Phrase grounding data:
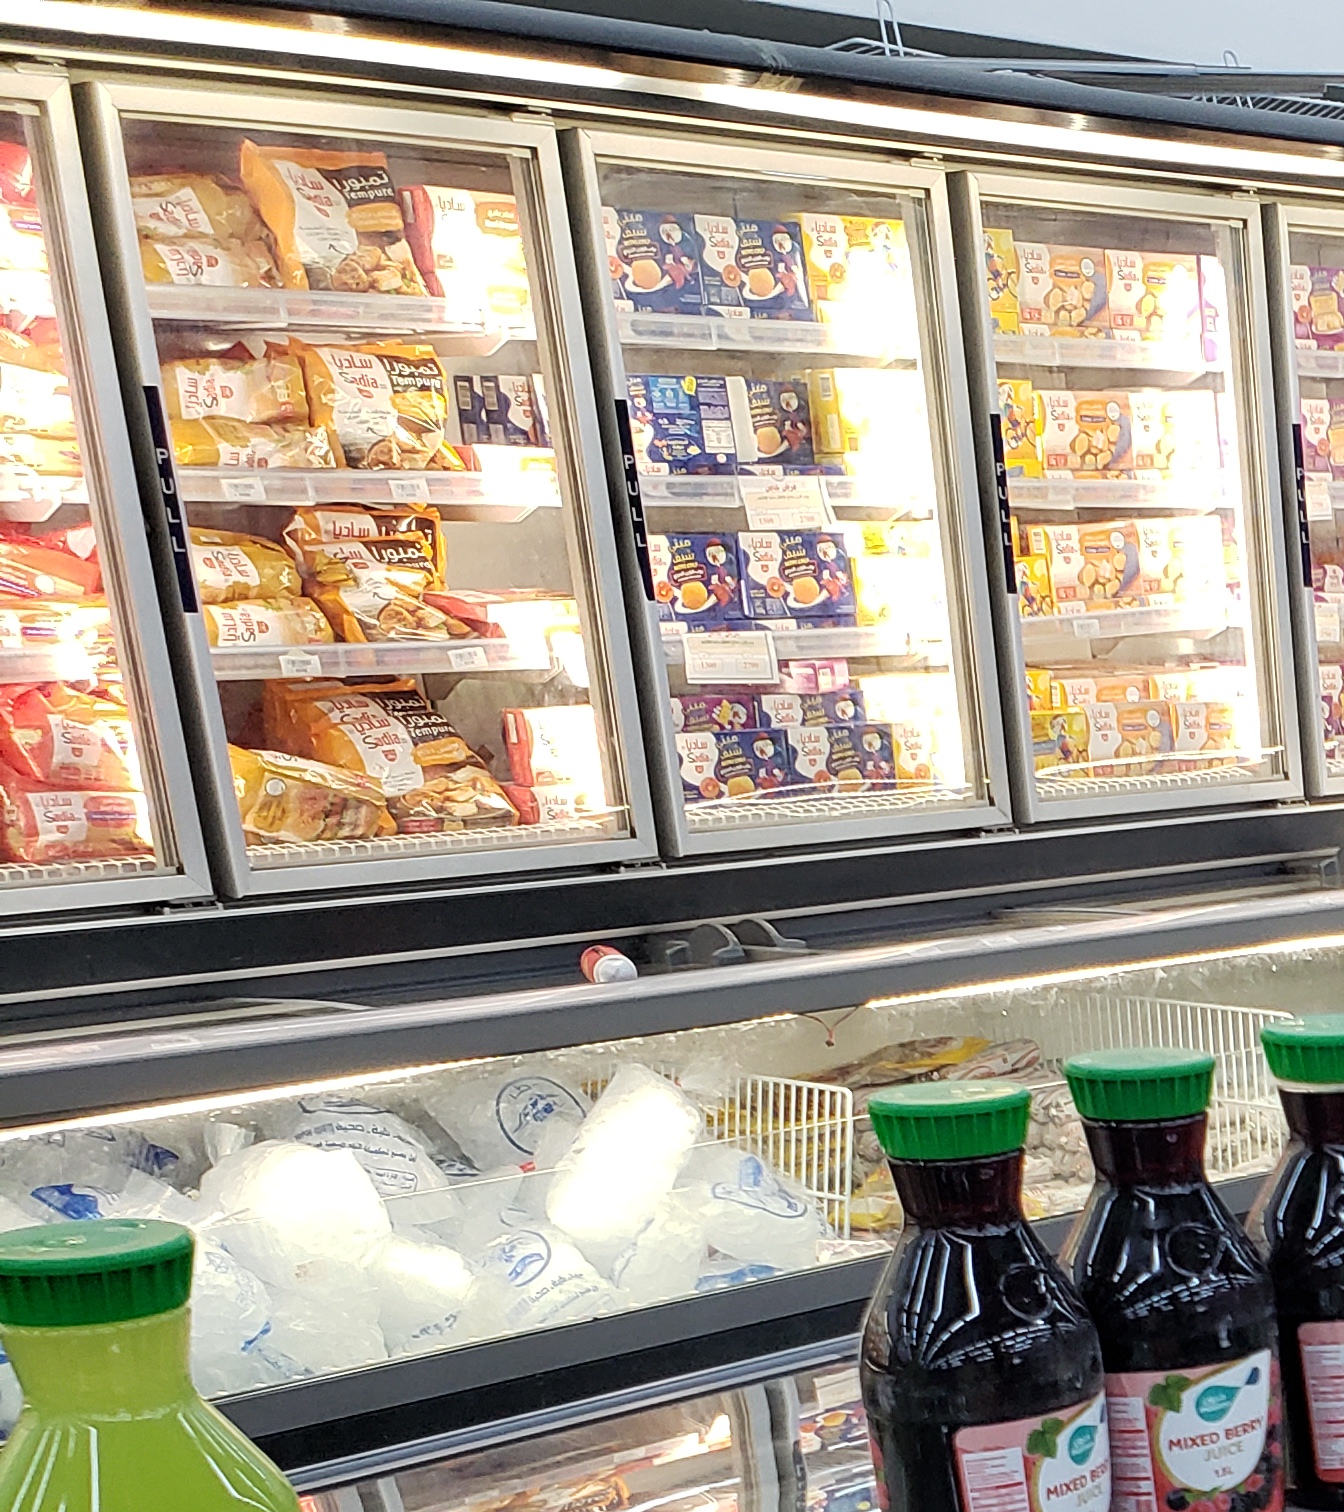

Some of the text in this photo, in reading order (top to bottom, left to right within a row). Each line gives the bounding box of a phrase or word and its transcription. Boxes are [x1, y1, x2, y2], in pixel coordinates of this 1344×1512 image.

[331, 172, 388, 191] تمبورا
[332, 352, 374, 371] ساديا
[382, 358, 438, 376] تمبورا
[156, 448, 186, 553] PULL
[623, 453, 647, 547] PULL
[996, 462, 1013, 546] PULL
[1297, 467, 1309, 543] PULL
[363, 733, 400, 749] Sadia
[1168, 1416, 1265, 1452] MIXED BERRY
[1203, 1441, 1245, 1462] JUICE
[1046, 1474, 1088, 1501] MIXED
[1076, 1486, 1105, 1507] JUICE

» **TASK OBJECTIVE**
The copy should match each line above exactly and contain no images.

» **ANSWER SPACE**
Some of the text in this photo, in reading order (top to bottom, left to right within a row). Each line gives the bounding box of a phrase or word and its transcription. Boxes are [x1, y1, x2, y2], in pixel coordinates of this 1344×1512 image.

[331, 172, 388, 191] تمبورا
[332, 352, 374, 371] ساديا
[382, 358, 438, 376] تمبورا
[156, 448, 186, 553] PULL
[623, 453, 647, 547] PULL
[996, 462, 1013, 546] PULL
[1297, 467, 1309, 543] PULL
[363, 733, 400, 749] Sadia
[1168, 1416, 1265, 1452] MIXED BERRY
[1203, 1441, 1245, 1462] JUICE
[1046, 1474, 1088, 1501] MIXED
[1076, 1486, 1105, 1507] JUICE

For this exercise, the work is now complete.